Chi è l'artefice del nostro Destino? - Il nostro ruolo e quello del Divino

25.11.2025

Abbiamo precedentemente parlato della differenza tra Scopo di Vita e Destino nell'essere umano. Come detto, lo Scopo è comune a tutti gli esseri umani, mentre il Destino è singolo di ogni uomo. Riassumiamo brevemente:

  • SCOPO (ovvero la Chiave di Volta dell'Esistenza) --> È COMUNE A TUTTI GLI UOMINI --> Amare, Sognare, Creare, Desiderare, Inventare, Giocare, Narrare, Empatizzare, Proteggere, Servire, Unire, Condividere, Operare, Co-operare, Sentire, Emozionarsi, Scoprire, Scoprirsi, Ri-scoprirsi, Fraternizzare...
  • DESTINO --> Si ha nel momento in cui l'uomo applica lo Scopo Comune in maniera diversa, distinguendosi dagli altri solo per attività, non per importanza. Che non vi sia alcuna differenza in termini di importanza significa che non vi è una gerarchia tra gli uomini: nessuno è migliore di un altro. Che, invece, l'uomo applica lo Scopo Comune in maniera diversa significa che ognuno è artefice del proprio Destino. Ma come? E Dio dov'è in tutto questo? Non era lui a guidarci e a indicarci la via? Se non seguiamo la via di Dio siamo perduti? 

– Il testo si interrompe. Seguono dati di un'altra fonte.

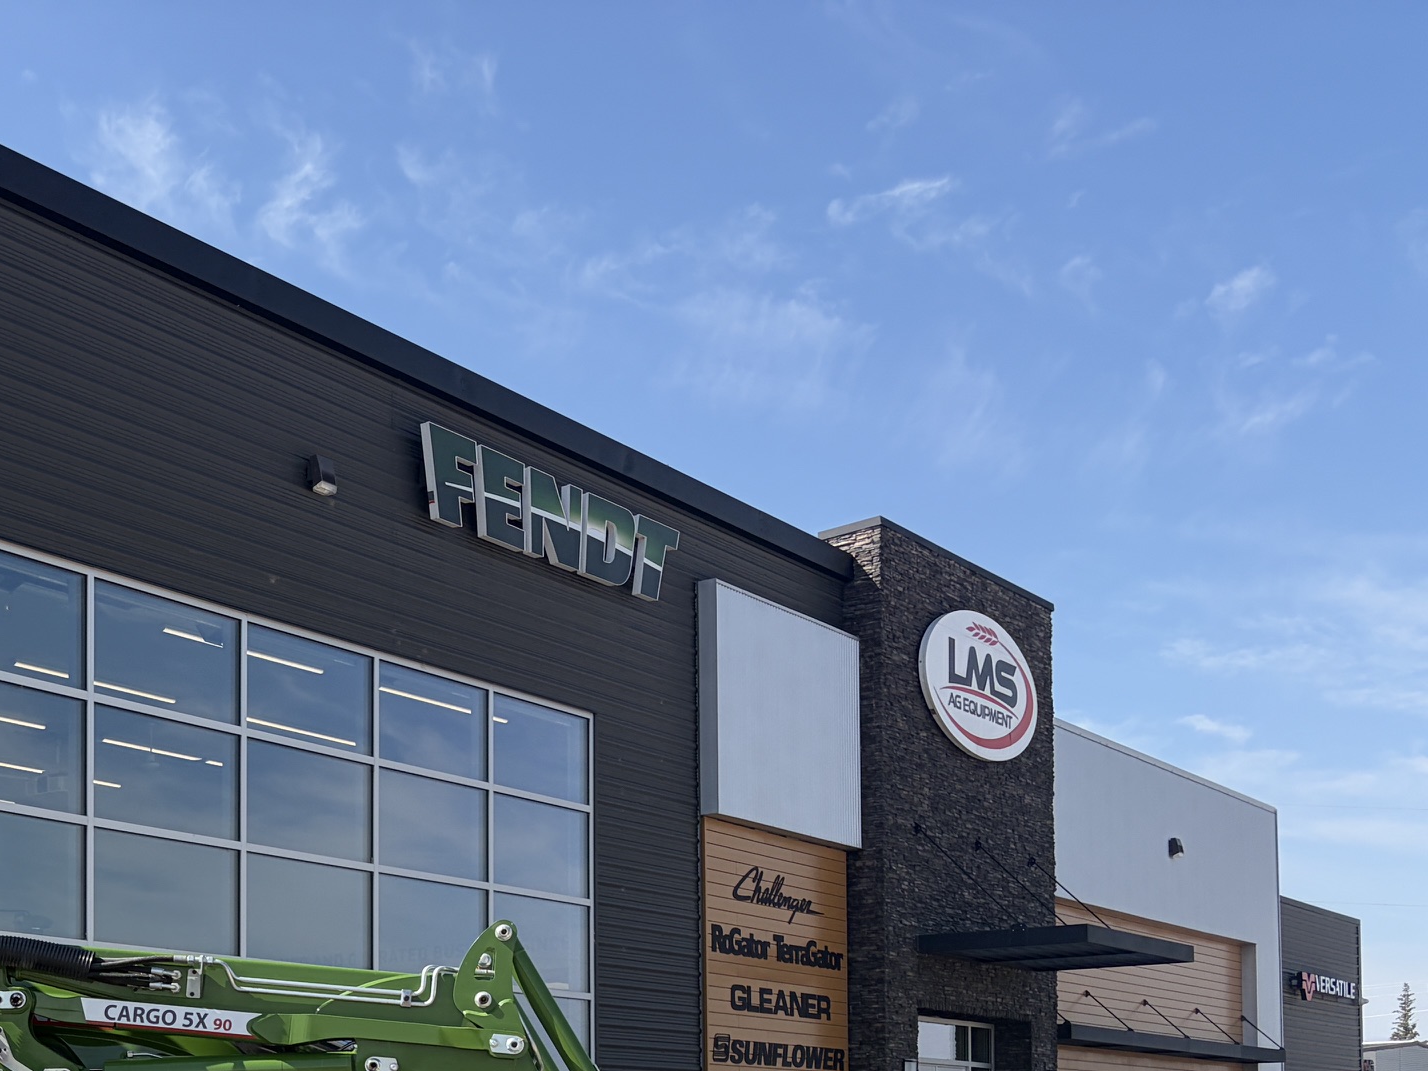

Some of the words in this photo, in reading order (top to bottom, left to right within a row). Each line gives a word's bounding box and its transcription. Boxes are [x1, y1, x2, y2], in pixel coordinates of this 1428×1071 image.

La risposta a queste domande è più semplice di quanto sembra: sì, Dio ci guida (e lo fa personalmente) ma lui lo fa a partire da quello che c'è nel nostro cuore. Mi piace pensare al cuore come la sede dell'Anima allo stato più puro, allo stadio originale, quello del momento della creazione. Il divino ci affianca per tutta la nostra vita solo per ricordarci della nostra Anima, del nostro Sè più profondo, del nostro Io più vero. E lo fa mettendoci a disposizione strumenti, luoghi, persone, capacità e sensibilità di ogni sorta. Tuttavia il nostro Destino lo forgiamo noi, mettendoci del nostro, lasciando la nostra impronta. Talvolta sarà un Destino fedele al nostro Sè, al nostro vero Io, se sappiamo coglierlo e coltivare ciò che serve per portarlo alla Luce. Talvolta invece sarà opposto a chi siamo veramente perchè nella nostra vita, più o meno consapevolmente, abbiamo fatto resistenza all'emergere dell'Io, del Sè più vero. Altre volte, infine, il nostro Destino non sarà nè dall'una nè dall'altra parte, per tutti coloro che sono grandi fan della via di mezzo e che non si sono esposti abbastanza da un lato o dall'altro. Tuttavia non esiste uno scenario in cui "siamo perduti". Il Destino è solo nostro e non sottostà ad alcuna legge. Non esiste, quindi, una rovina o una punizione che emergono se non si segue la " retta via". La "retta via" non esiste, ce la creiamo noi in base a quanto siamo allineati (o disallineati) con la nostra Anima. Dal nostro applicato o mancato allineamento deriva il Destino Ultimo, che è diverso dal Destino in genere: questo riguarda le linee generali di come gli esseri umani possano reagire di fronte agli eventi o alle sfide della vita, ma ogni persona ha, poi, un modo UNICO, UNIVOCO e PERSONALE di vivere. 

Dai tale analisi, quindi, deriva che che il Destino è una cosa personalissima, che passa da più filtri:

  1. applicare lo Scopo comune in maniera diversa da altri (ottenendo ad esempio Destini come il diventare poliziotto, dottoressa, operaio, casalinga, ecc...) permette all'uomo di crearsi il proprio Destino;
  2. tra persone che hanno lo "stesso" Destino (ad esempio tutta la "categoria" delle casalinghe) vi sono differenze fondamentali dell'Essere e della Sua applicazione;
  3. ciò porta alla creazione DA e PER ogni individuo di un Destino Ultimo diverso da tutti gli altri, che rende quella persona UNICA al mondo nonostante abbia vissuti e reazioni (e relazioni) simili a quelli di molti altri nel mondo.